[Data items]
....
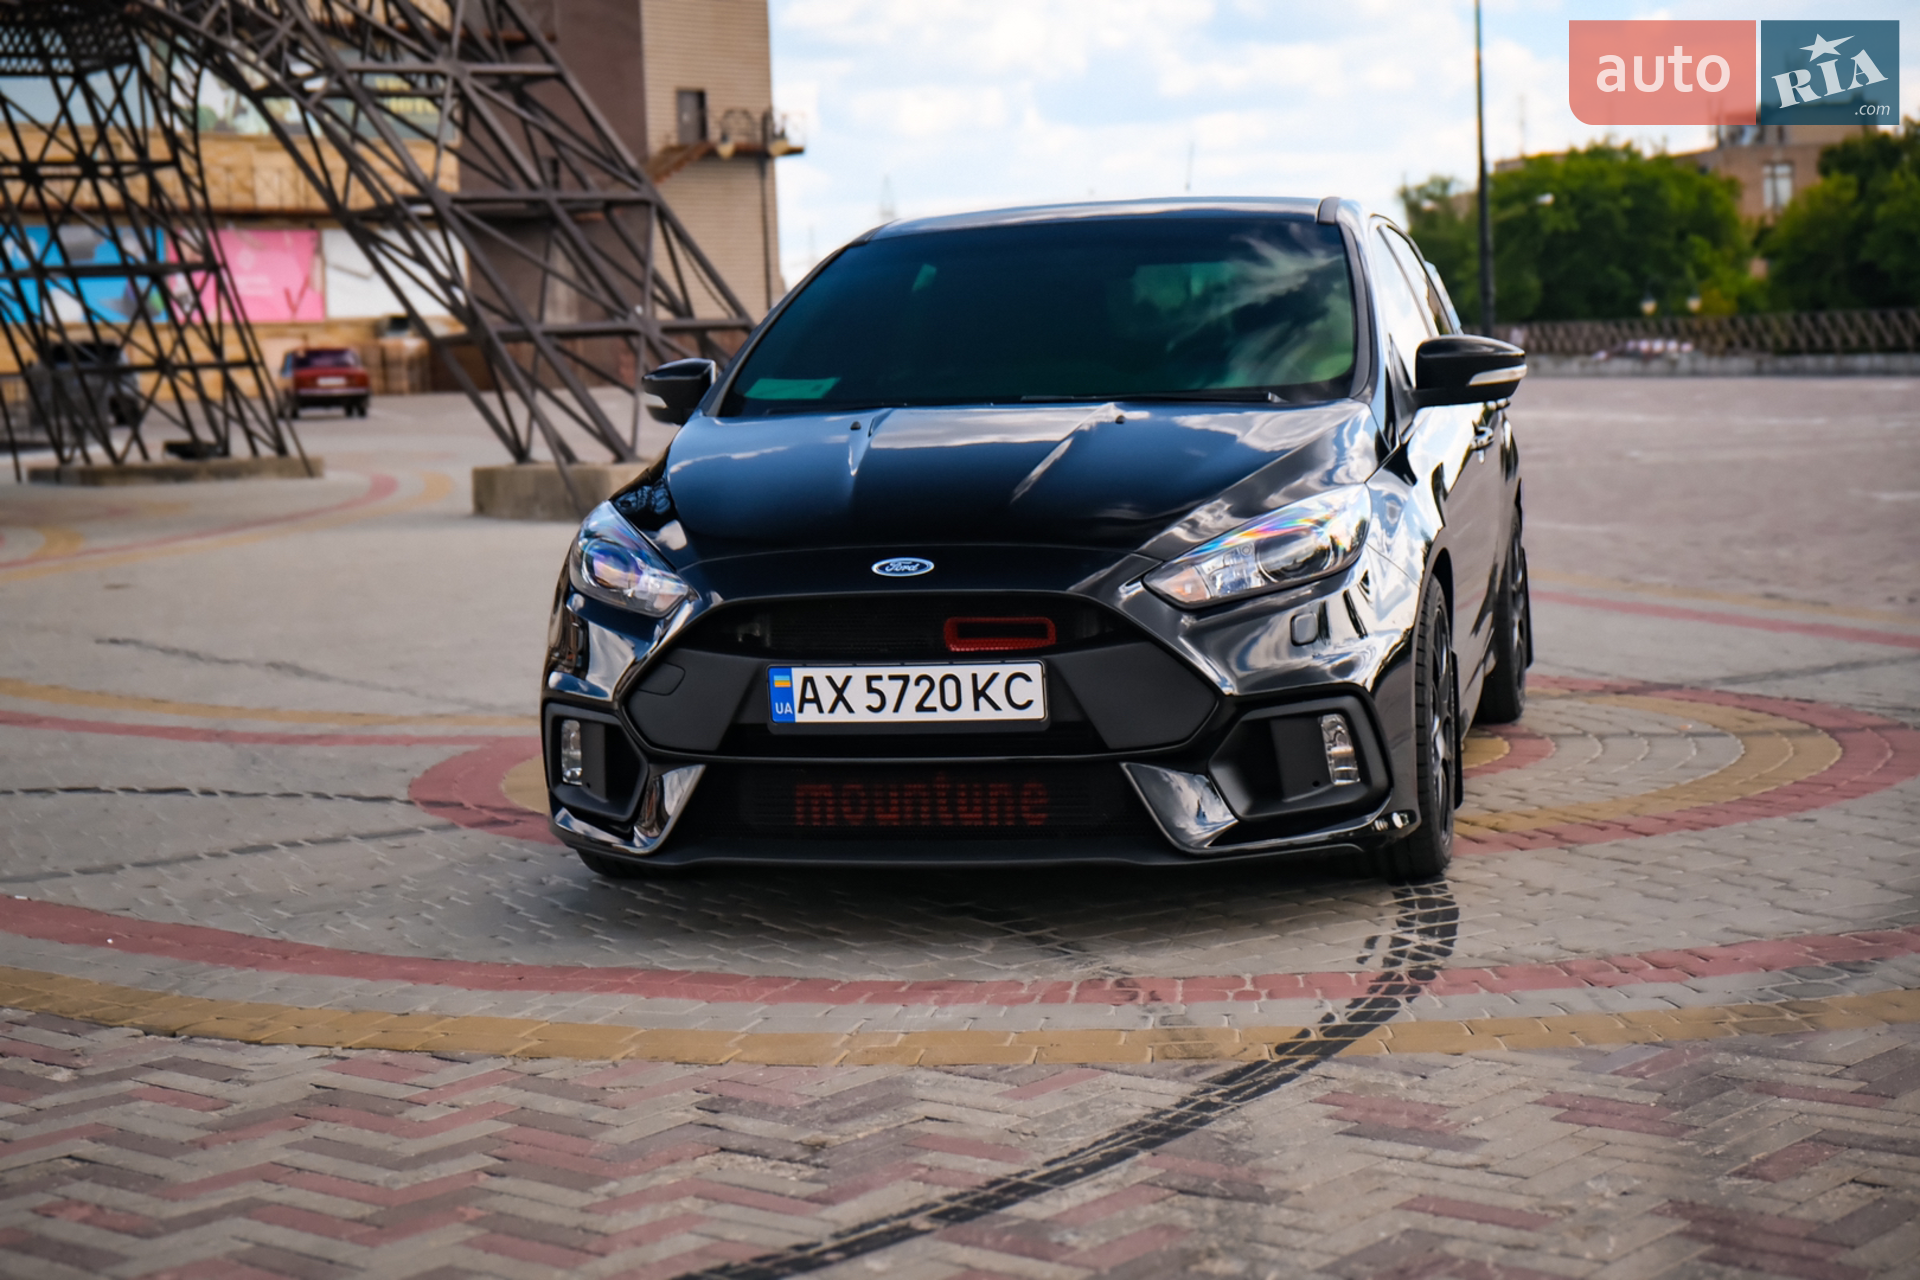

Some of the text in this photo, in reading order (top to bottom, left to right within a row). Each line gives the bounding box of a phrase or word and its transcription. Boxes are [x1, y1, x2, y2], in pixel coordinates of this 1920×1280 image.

[884, 561, 920, 572] Ford
[797, 671, 1035, 714] AX 5720 KC
[775, 702, 793, 715] UA
[795, 772, 1050, 826] mountune
....
(Exercise description) Each entry above should be written out again exactly, without its pictures.

(Answer section)
Some of the text in this photo, in reading order (top to bottom, left to right within a row). Each line gives the bounding box of a phrase or word and its transcription. Boxes are [x1, y1, x2, y2], in pixel coordinates of this 1920×1280 image.

[884, 561, 920, 572] Ford
[797, 671, 1035, 714] AX 5720 KC
[775, 702, 793, 715] UA
[795, 772, 1050, 826] mountune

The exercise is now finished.